Par paresse et étroitesse d’esprit, ils s’accrochent frileusement à leurs opinions, car les mettre en doute serait insécurisant. Leurs points de vue reposent souvent sur des idées reçues qu’ils n’ont jamais remises en question ou des opinions issues de leurs passions ou de leurs intérêts : par exemple, la peur de l’altérité peut conduire à la misogynie ou au racisme, comme les choix politiques varient suivant les avantages que promettent les différents partis. Bref, ces points de vue n’ont rien à voir avec la raison. Dogmatiques, ils se croient dépositaires de la vérité et tout opposant est dans l’erreur. Le dialogue devient impossible, car ils confondent certitude et vérité. Or, ce n’est pas parce que l’on croit fermement à quelque chose que cette chose est vraie. Loin de là.

De la dangerosité de certaines opinions

Certaines opinions qui échappent à la raison sont inoffensives. Mais d’autres peuvent brimer autrui, semer l’insécurité et la haine, nuire au bien commun, voire devenir criminelles. Dans de tels cas, il n’est plus temps de dire « chacun a droit à ses opinions ». L’histoire, passée et récente, nous offre trop de preuves de la dangerosité de certaines opinions. C’est le cas des nazis et des néonazis, des esclavagistes et des suprémacistes, bref des xénophobes et des racistes de tout acabit. Il ne s’agit plus de simples individus exprimant leurs avis, mais des êtres porteurs d’idéologies odieuses et menaçantes qui ont généré d’innombrables crimes contre l’humanité… et continuent d’en générer.

Dans une moindre mesure, les complotistes qui affirment que la COVID-19 est une chimère ne font pas qu’exprimer leur opinion. Ce sont des gens dangereux qui, par leurs dires et leurs comportements, nuisent au bien-être collectif. Comment contrer ces gens ? Discuter avec eux et les convaincre ? Je ne crois pas. La discussion avec des complotistes est vaine, car si le discours de la science, si les millions (plus de 30 millions) de gens contaminés et les décès (bientôt 1 million) ne les ébranlent pas dans leurs convictions, comment peut-on penser qu’une discussion rationnelle soit possible ? Ce serait de l’angélisme.

Bien que je sois favorable à la liberté d’expression et aux débats d’idées, lorsqu’une poignée de citoyens mettent en péril la santé de leurs concitoyens et qu’il est impossible de s’adresser à leur raison, il faut alors s’adresser à une passion présente chez tout être humain : la peur.

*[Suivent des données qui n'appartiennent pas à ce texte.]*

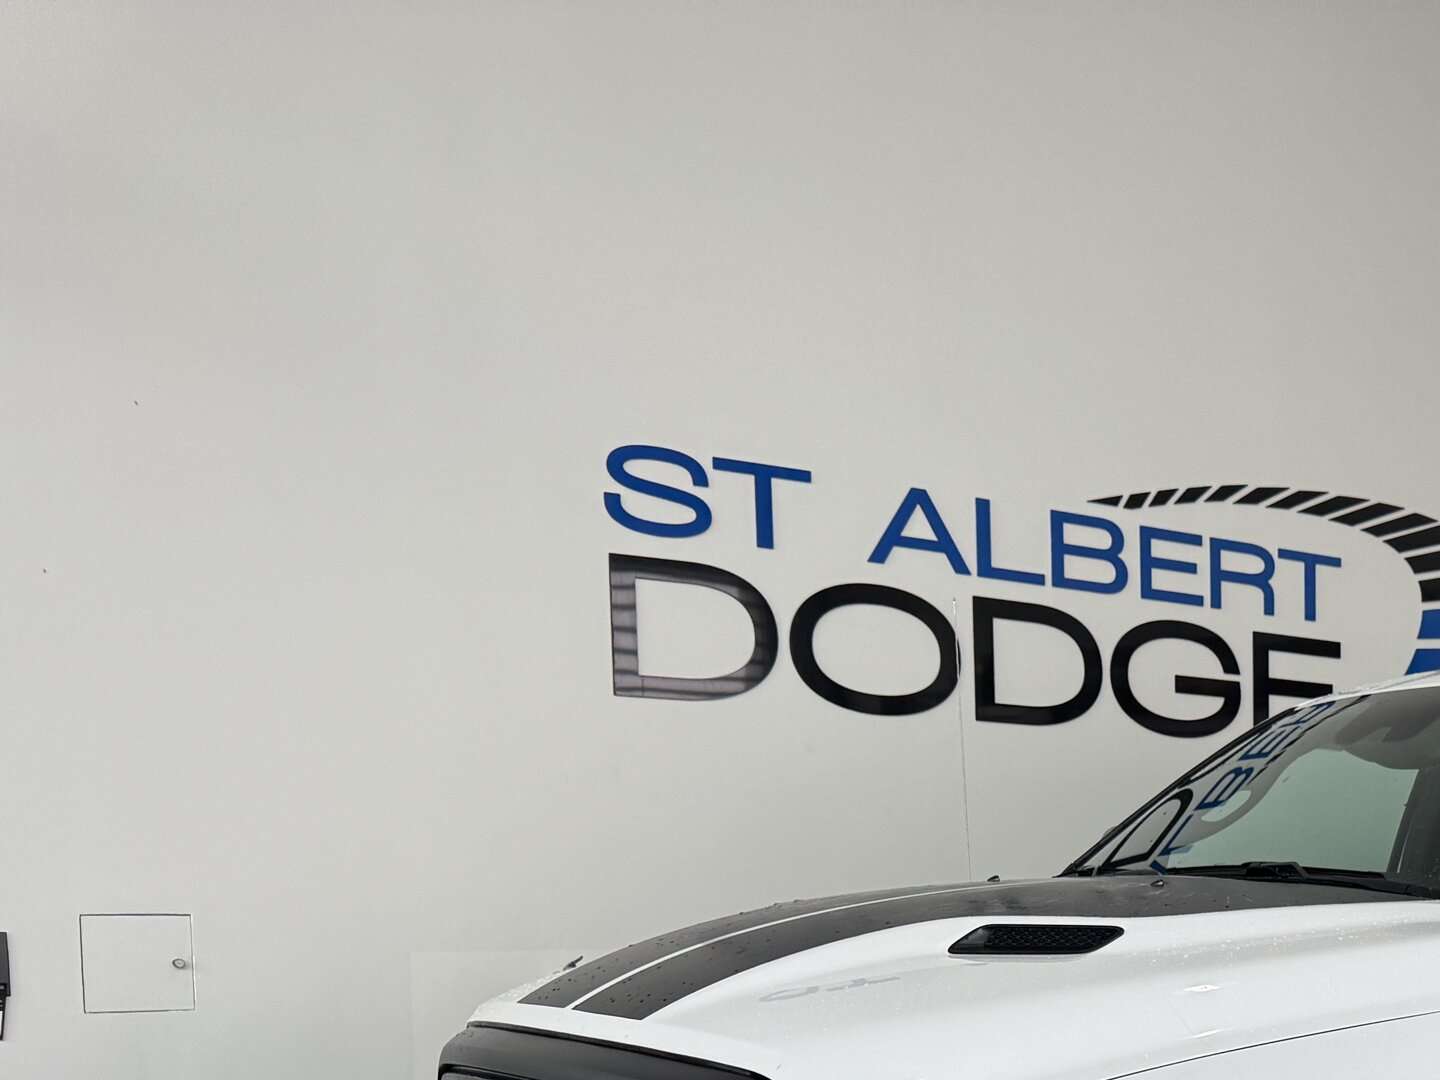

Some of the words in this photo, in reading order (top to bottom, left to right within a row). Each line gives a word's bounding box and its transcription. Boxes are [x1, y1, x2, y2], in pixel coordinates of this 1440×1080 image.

[602, 444, 812, 550] ST
[867, 487, 1342, 622] ALBERT
[609, 552, 1341, 738] DODGE

Plusieurs bons citoyens respectent le Code de la route pour ne pas avoir d’amendes, d’autres paient leurs impôts par peur des inspecteurs du fisc, et c’est normal, car comme le dit le philosophe Hobbes, la peur est une passion nécessaire à la vie en société.

En effet, se fier au seul jugement des hommes serait trop risqué puisque chaque individu est souvent dominé par des passions qui entrent en conflit avec le bien commun. Si la peur des représailles est une passion salutaire en société et une motivation pour le citoyen modèle, pourquoi ne pas s’en servir contre les contrevenants ?

Les revendications des antimasques et leur conduite dangereuse ne constituent pas de simples opinions, mais un danger public qui participe à la propagation d’un virus mortel. Sévir dans de tels cas, ce n’est pas brimer les libertés de certains individus, mais protéger l’ensemble de la société. Des sanctions sévères risquent d’avoir plus d’impact qu’un semblant de dialogue.